Copilot commented on code in PR #3597:
URL: https://github.com/apache/celeborn/pull/3597#discussion_r2778562928



##########
worker/src/main/scala/org/apache/celeborn/service/deploy/worker/Worker.scala:
##########
@@ -514,10 +513,10 @@ private[celeborn] class Worker(
     activeShuffleKeys.addAll(partitionLocationInfo.shuffleKeySet)
     activeShuffleKeys.addAll(storageManager.shuffleKeySet())
     storageManager.updateDiskInfos()
-    val diskInfos =
-      workerInfo.updateThenGetDiskInfos(storageManager.disksSnapshot().map { 
disk =>
-        disk.mountPoint -> disk
-      }.toMap.asJava).values().asScala.toSeq ++ 
storageManager.remoteDiskInfos.getOrElse(Set.empty)

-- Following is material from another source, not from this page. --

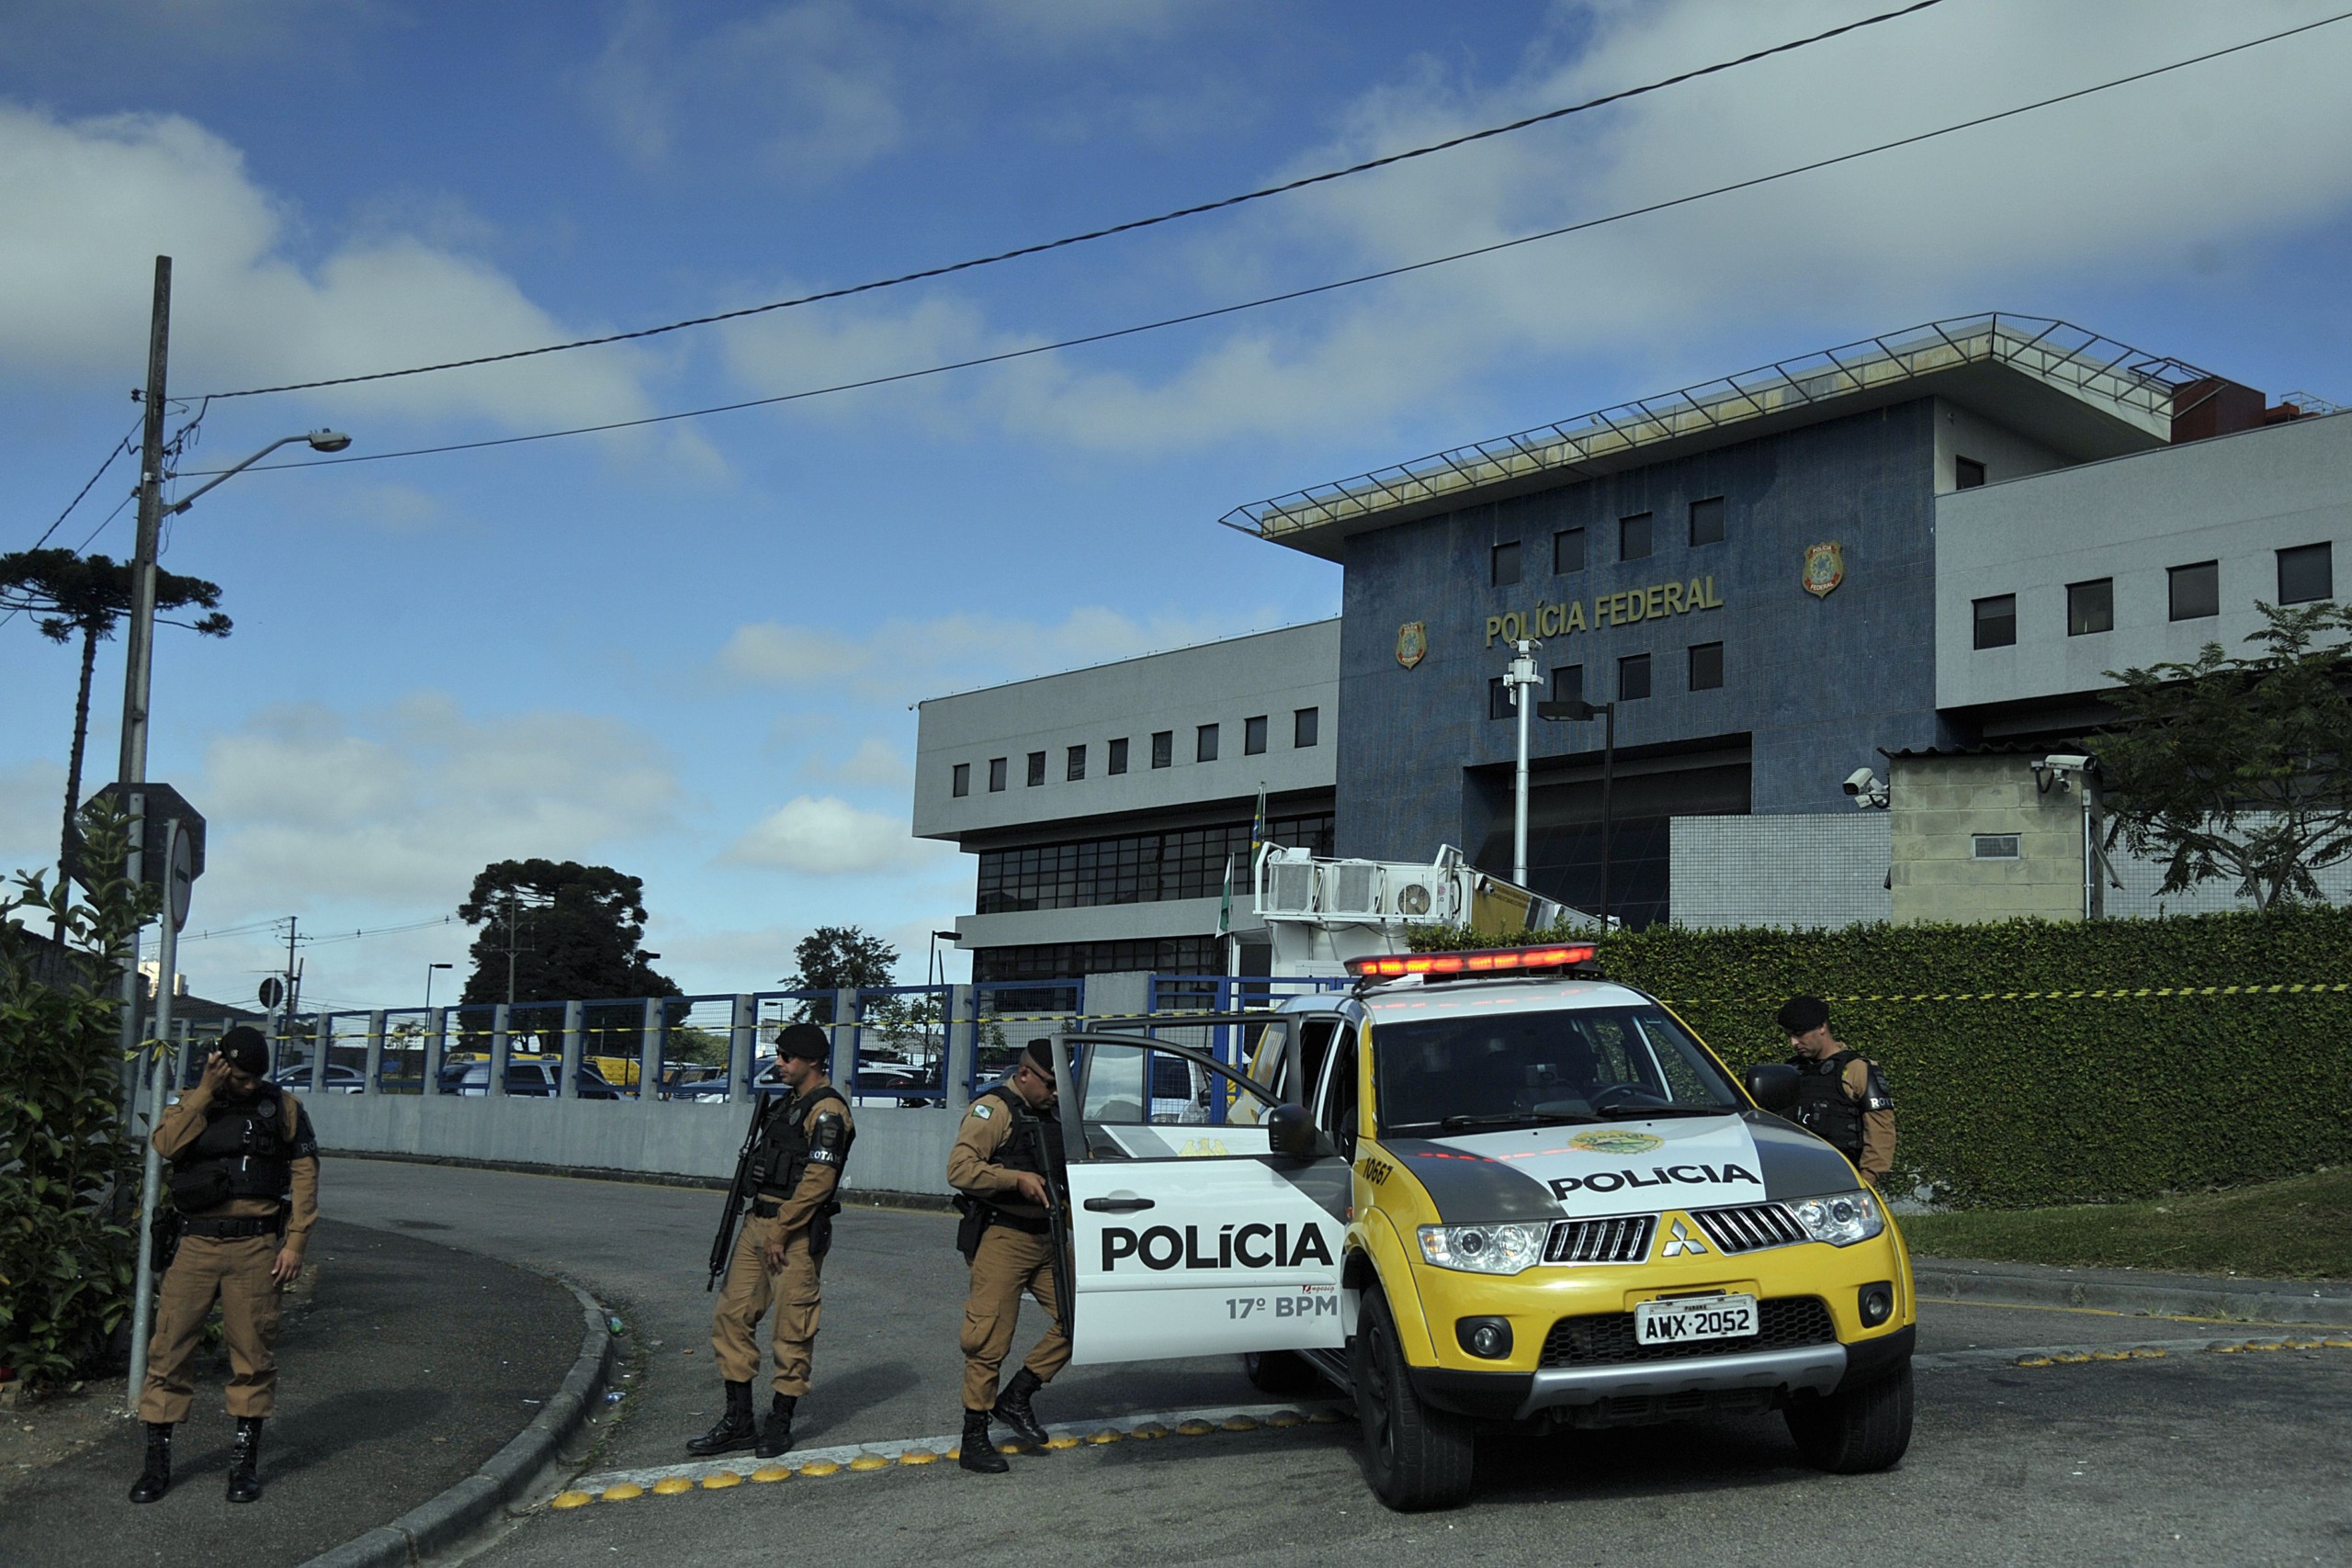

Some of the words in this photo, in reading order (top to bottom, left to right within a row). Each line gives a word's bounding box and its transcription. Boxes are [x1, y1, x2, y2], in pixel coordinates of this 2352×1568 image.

+    val currentDiskMap = storageManager.localDisksSnapshot().map { disk =>

Review Comment:
   Heartbeat updates only pass `localDisksSnapshot()` into 
`workerInfo.updateThenGetDiskInfos(...)`. Since `updateThenGetDiskInfos` 
removes mount points missing from the update map, this will drop the remote 
disk entries that were added at registration, so remote disks stop being 
reported after the first heartbeat. Build the update map from 
`allDisksSnapshot()` (or merge in `remoteDiskInfos`) so remote disks remain 
present.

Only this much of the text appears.